Your original sold OTM calls will be significantly devalued by now, so you could buy them back for a song and then sell more at a lower strike price. This would bring in further premium to offset the capital loss on the shares. But if youre relying on covered call strategies for a regular income you wont be making anything on those shares this month and if the price continues to decline, you may even have to take a loss.

So while writing OTM covered calls is great for a sideways or bullish outlook for a given share, it may not be the best idea when they are near their price peaks. You could purchase protective OTM puts at strike prices below the share purchase price but this would lower your overall income. Protective puts are a better strategy if youre more investor than trader minded and plan to hold the shares for some time.

Nevertheless, in a bullish trend, OTM covered calls give the best outcome you receive option premium plus a capital gain on the shares themselves. But for this strategy to work, you should use the best research tools to increase the probability of success. In this regard, the Investors Business Daily online Power Tools can give you the Top 20 US companies by Earnings Per Share. Add to that their own 12 month Relative Strength Ranking and with these two fundamental indicators you can be assured of much greater confidence that your chosen stock will continue to rise.

What About a Bear Market?

If the market as a whole has turned bearish, you can still make a regular income with the right covered call strategies.

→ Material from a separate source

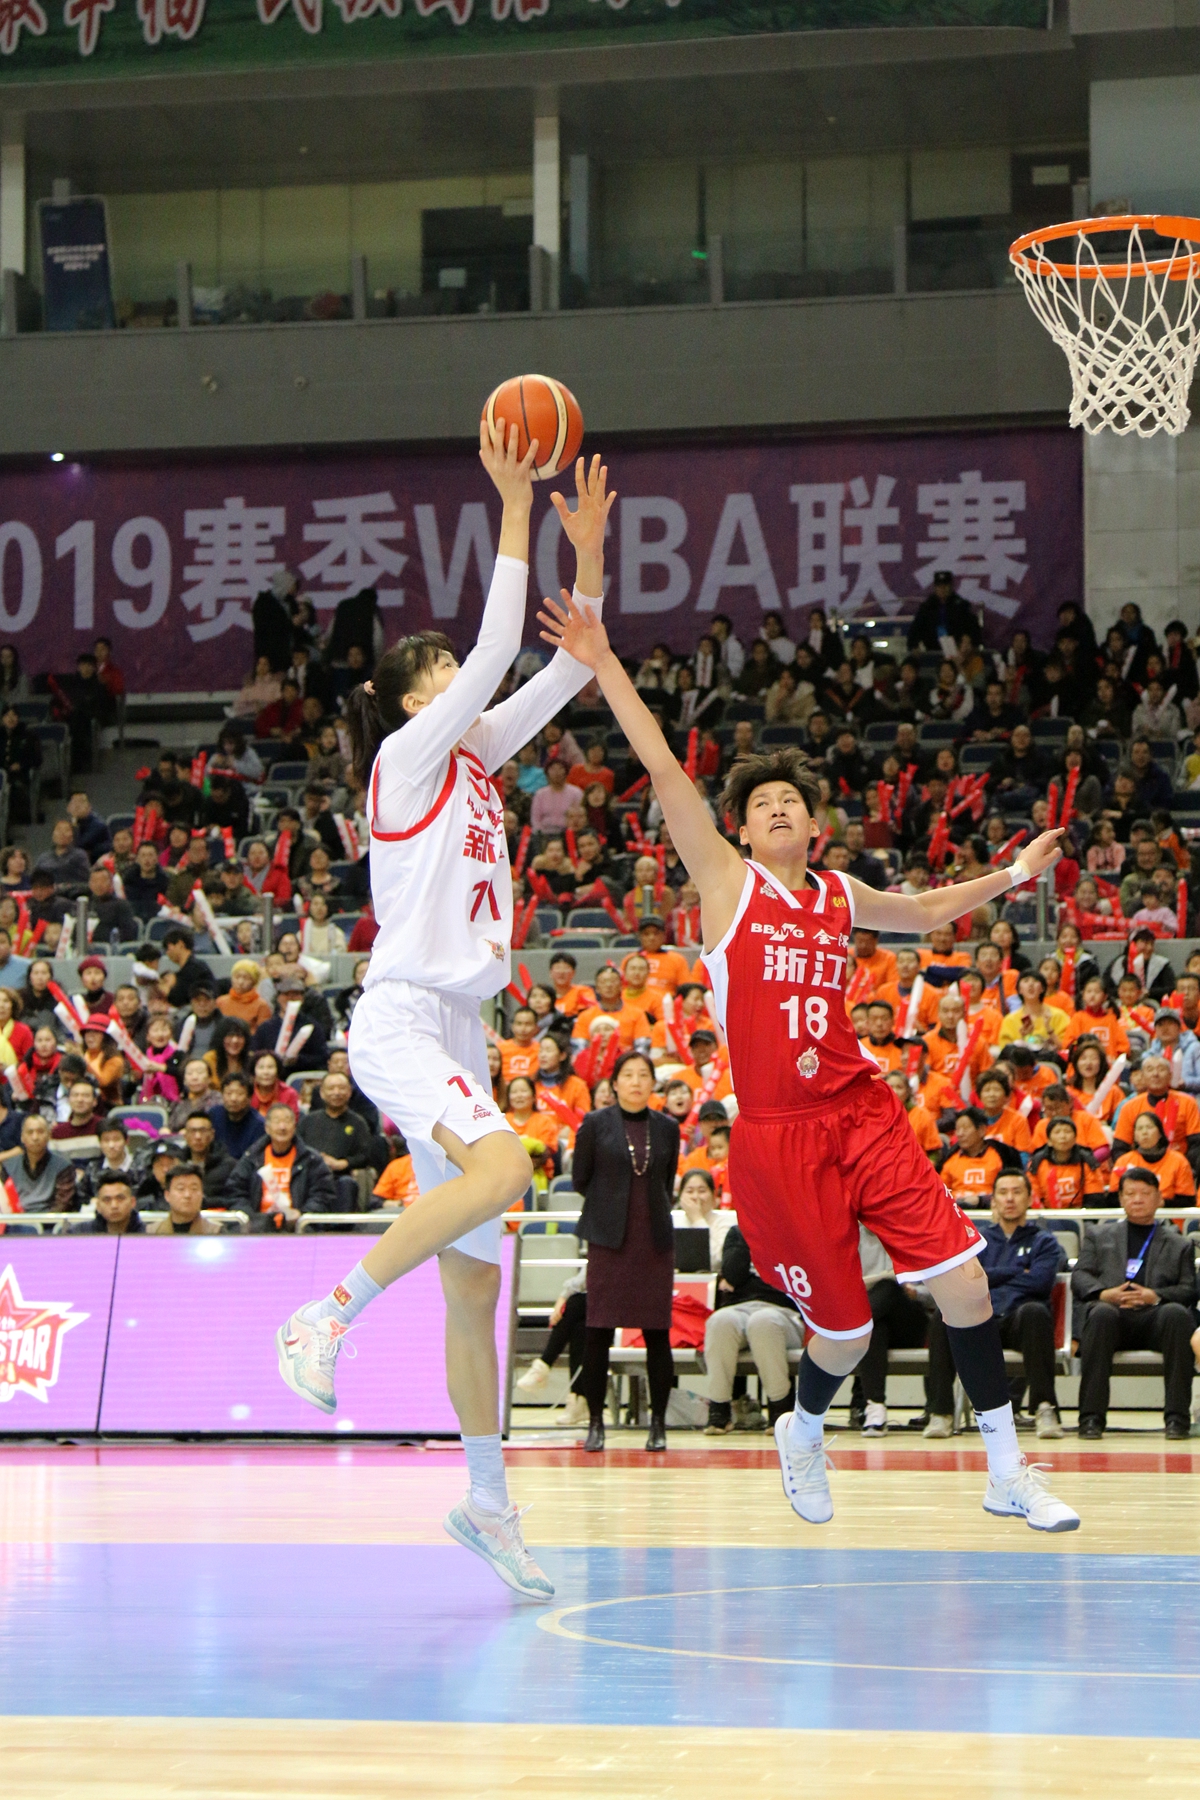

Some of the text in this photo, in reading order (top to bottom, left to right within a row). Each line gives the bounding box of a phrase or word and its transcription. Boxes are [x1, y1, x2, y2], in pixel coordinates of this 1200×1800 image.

[763, 944, 847, 991] 浙江
[780, 995, 829, 1040] 18
[774, 1263, 813, 1298] 18

In this case, the best alternative is to sell IN-the-money call options over your shares. The intrinsic value in your sold call options will work in your favour should the underlying price fall. If these options become OUT-of-the-money you will be able to buy them back for a much cheaper price than you sold them for, thus making a profit. In the meantime the extra premium you have received will provide a much greater buffer against falling share prices than out-of-the-money premiums.

Once the share price has fallen significantly (but not as low as your ITM call option strike price) you buy to close the sold options and immediately sell MORE in-the-money calls at a still lower strike price. The profits you make under these conditions are from the time value of the options, which if prices have become volatile may also include some decent implied volatility to increase your returns.

Covered Call Strategies for All Market Conditions

And Sideways Markets

If youve observed a share price which is stuck in a narrow range and unlikely to move much either way in the short term, its very likely that option prices will be cheaper due to low implied volatility. This will reduce your income, which is what you exchange for lower perceived risk. For stocks like these you should consider writing AT-the-money call options over the stock. You will receive more premium than for OTM calls and since the stock price isnt really going anywhere, you just rinse and repeat each month until things change.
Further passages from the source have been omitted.